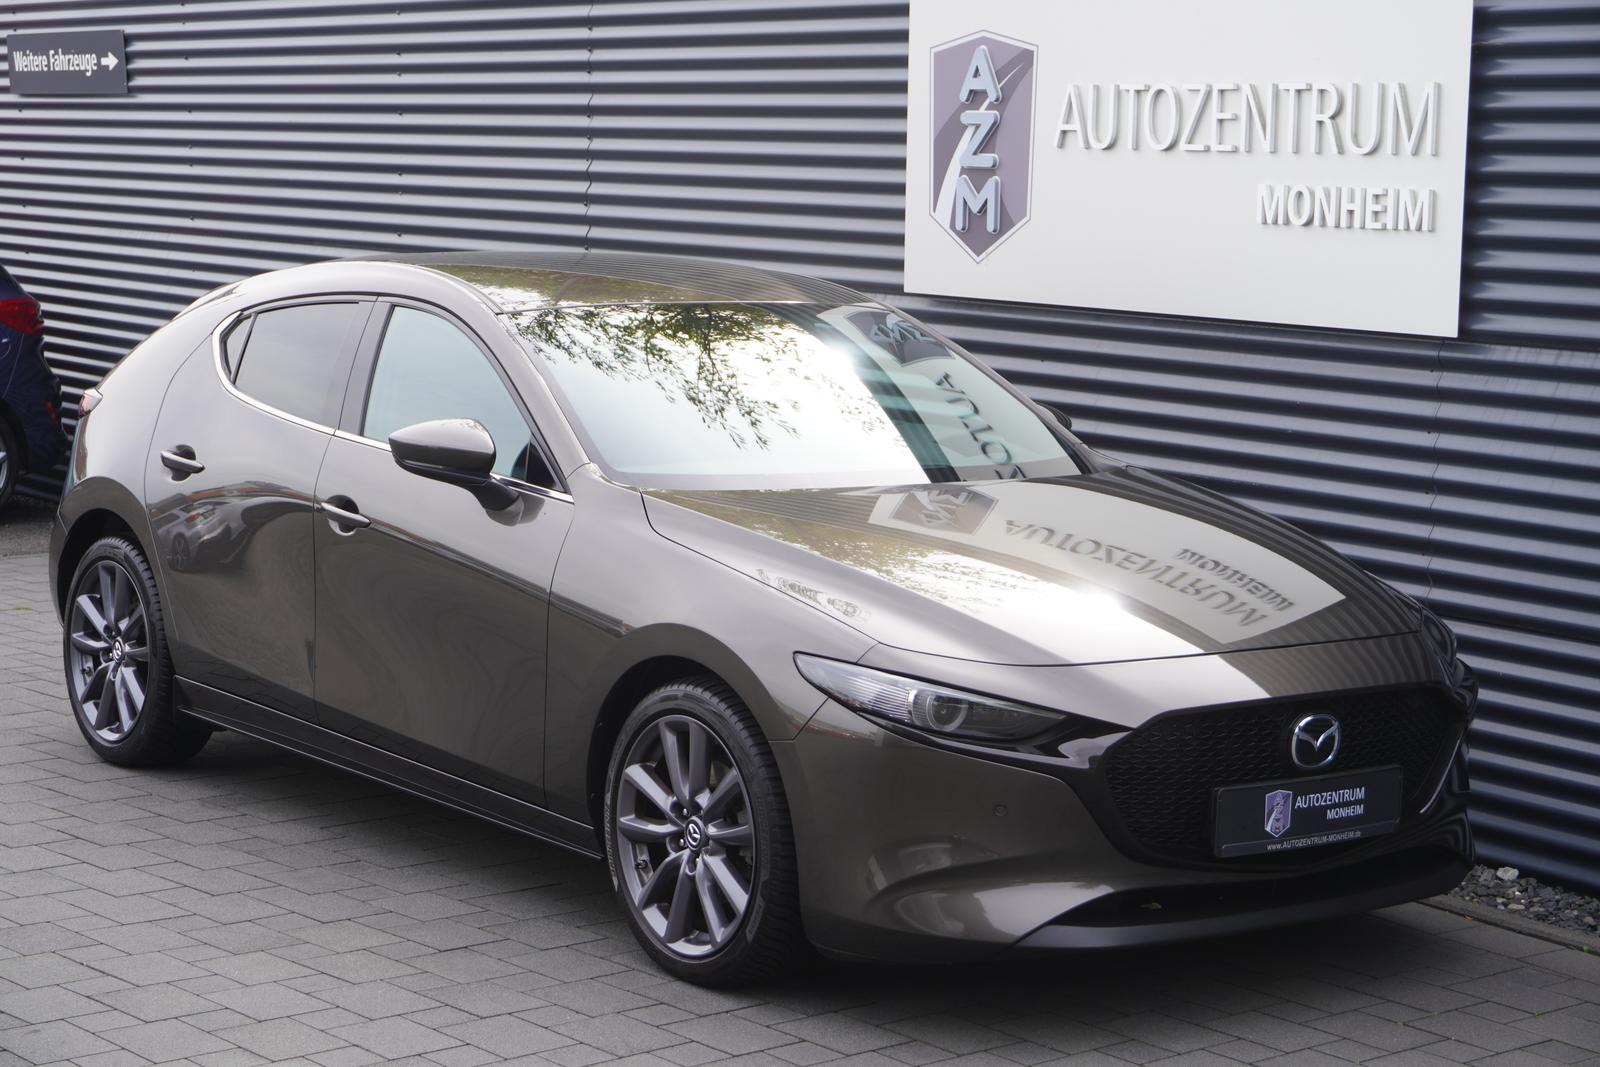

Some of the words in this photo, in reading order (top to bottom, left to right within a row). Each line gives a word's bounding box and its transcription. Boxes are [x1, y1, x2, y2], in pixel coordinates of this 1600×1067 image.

[13, 50, 47, 71] Weitere
[49, 48, 97, 76] Fahrzeuge
[1055, 82, 1440, 156] AUTOZENTRUM
[955, 45, 1002, 233] AZM
[1257, 184, 1436, 231] MONHEIM
[1295, 786, 1365, 809] AUTOZENTRUM
[1326, 804, 1364, 820] MONHEIM

◆ ◆ ◆ ◆ ◆ ◆ ◆

WHAT IS BEING ASKED —
Copy every line of the data word for word, omitting the images.

SOLUTION TO THIS TASK —
Some of the words in this photo, in reading order (top to bottom, left to right within a row). Each line gives a word's bounding box and its transcription. Boxes are [x1, y1, x2, y2], in pixel coordinates of this 1600×1067 image.

[13, 50, 47, 71] Weitere
[49, 48, 97, 76] Fahrzeuge
[1055, 82, 1440, 156] AUTOZENTRUM
[955, 45, 1002, 233] AZM
[1257, 184, 1436, 231] MONHEIM
[1295, 786, 1365, 809] AUTOZENTRUM
[1326, 804, 1364, 820] MONHEIM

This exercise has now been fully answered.